== EXERCISE ==
All of the data needs to come back exactly as written.

== DATA IN THIS EXERCISE ==
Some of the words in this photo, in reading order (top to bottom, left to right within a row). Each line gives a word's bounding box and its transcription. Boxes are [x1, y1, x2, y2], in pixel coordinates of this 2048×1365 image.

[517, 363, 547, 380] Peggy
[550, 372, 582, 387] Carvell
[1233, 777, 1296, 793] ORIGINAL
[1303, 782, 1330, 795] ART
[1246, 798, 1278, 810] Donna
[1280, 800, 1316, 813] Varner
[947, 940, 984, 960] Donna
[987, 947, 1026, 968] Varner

== ANSWER AREA ==
Some of the words in this photo, in reading order (top to bottom, left to right within a row). Each line gives a word's bounding box and its transcription. Boxes are [x1, y1, x2, y2], in pixel coordinates of this 2048×1365 image.

[517, 363, 547, 380] Peggy
[550, 372, 582, 387] Carvell
[1233, 777, 1296, 793] ORIGINAL
[1303, 782, 1330, 795] ART
[1246, 798, 1278, 810] Donna
[1280, 800, 1316, 813] Varner
[947, 940, 984, 960] Donna
[987, 947, 1026, 968] Varner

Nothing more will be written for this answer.